Work to be completed
Everything in the listing below has to be repeated exactly, except the pictures.
···
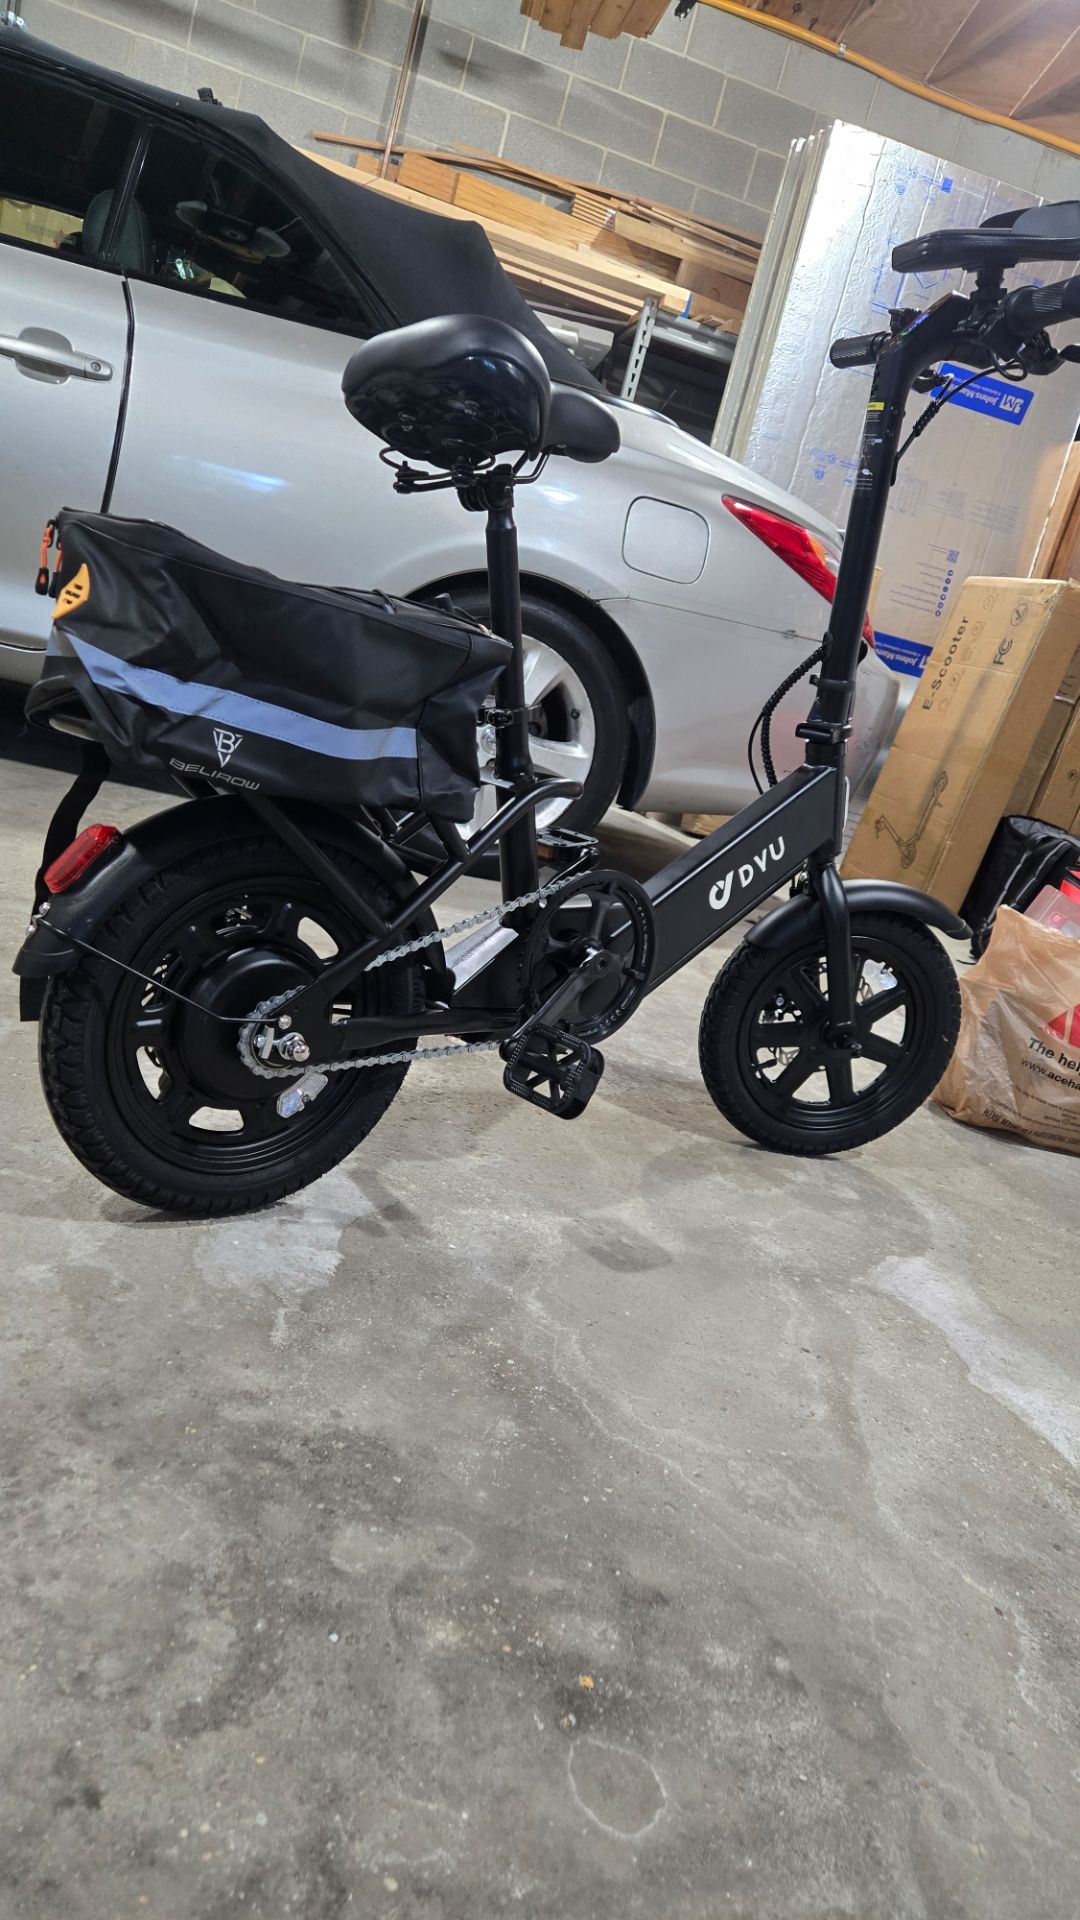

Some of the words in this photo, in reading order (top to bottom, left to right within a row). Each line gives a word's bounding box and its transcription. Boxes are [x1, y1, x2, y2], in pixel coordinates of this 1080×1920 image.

[975, 391, 1000, 406] Johns
[922, 616, 969, 710] E-Scooter
[169, 757, 261, 791] BELIROW
[738, 835, 786, 888] DYU
[1028, 1036, 1055, 1059] The
[1058, 1052, 1080, 1077] hel
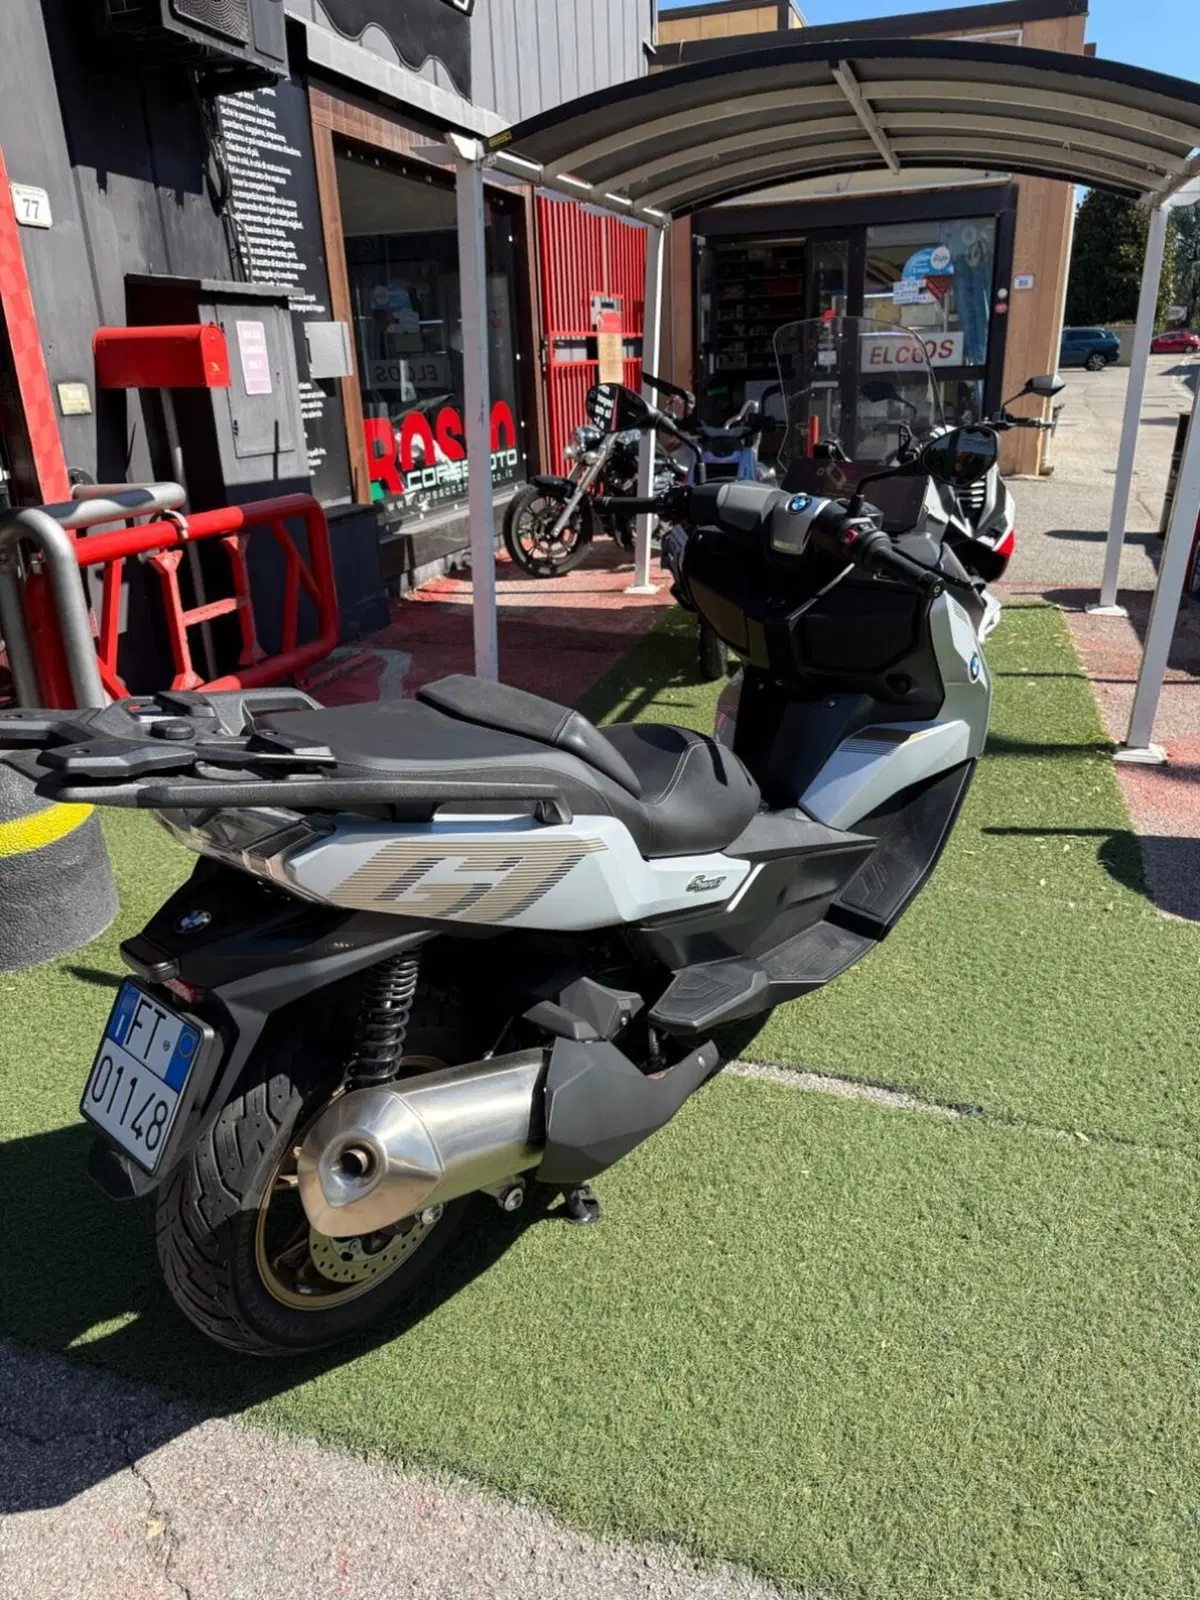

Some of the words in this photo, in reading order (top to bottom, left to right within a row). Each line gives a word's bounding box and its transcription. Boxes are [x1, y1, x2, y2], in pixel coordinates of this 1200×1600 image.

[22, 198, 39, 219] 77
[363, 401, 516, 495] ROSO
[404, 448, 518, 493] CORSEOTO
[125, 997, 166, 1060] FT
[91, 1055, 168, 1151] 01148
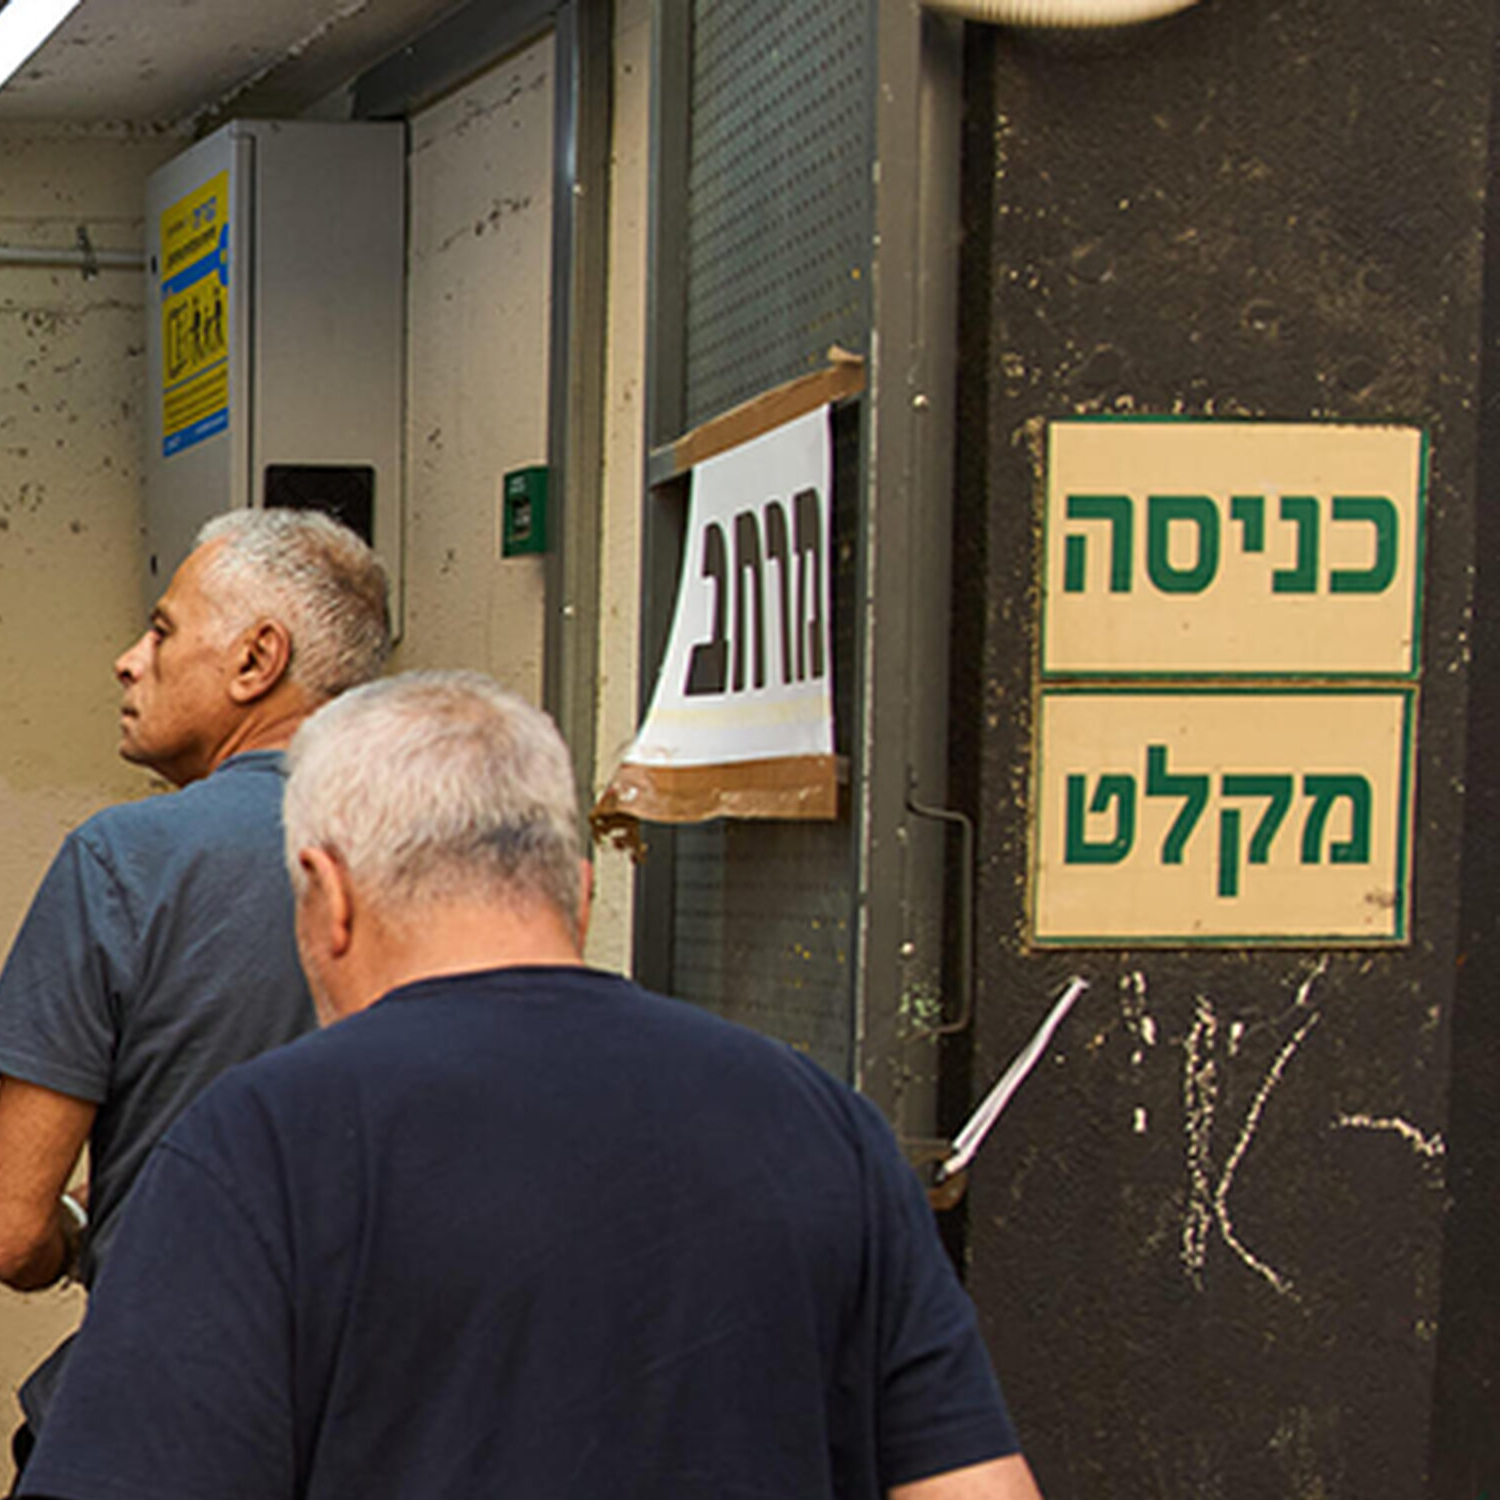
···
Response for this exercise
Some of the words in this photo, in reading order (top to bottom, left to right within a row). Each line gives a word's bounding box and its transcription. Boxes are [x1, y1, x2, y2], in pixel coordinates of this 1080×1920 image.

[975, 391, 1000, 406] Johns
[922, 616, 969, 710] E-Scooter
[169, 757, 261, 791] BELIROW
[738, 835, 786, 888] DYU
[1028, 1036, 1055, 1059] The
[1058, 1052, 1080, 1077] hel

Some of the words in this photo, in reading order (top to bottom, left to right within a row). Each line gives a word's bounding box and its transcription. Boxes are [x1, y1, x2, y2], in pixel coordinates of this 1200×1600 image.

[22, 198, 39, 219] 77
[363, 401, 516, 495] ROSO
[404, 448, 518, 493] CORSEOTO
[125, 997, 166, 1060] FT
[91, 1055, 168, 1151] 01148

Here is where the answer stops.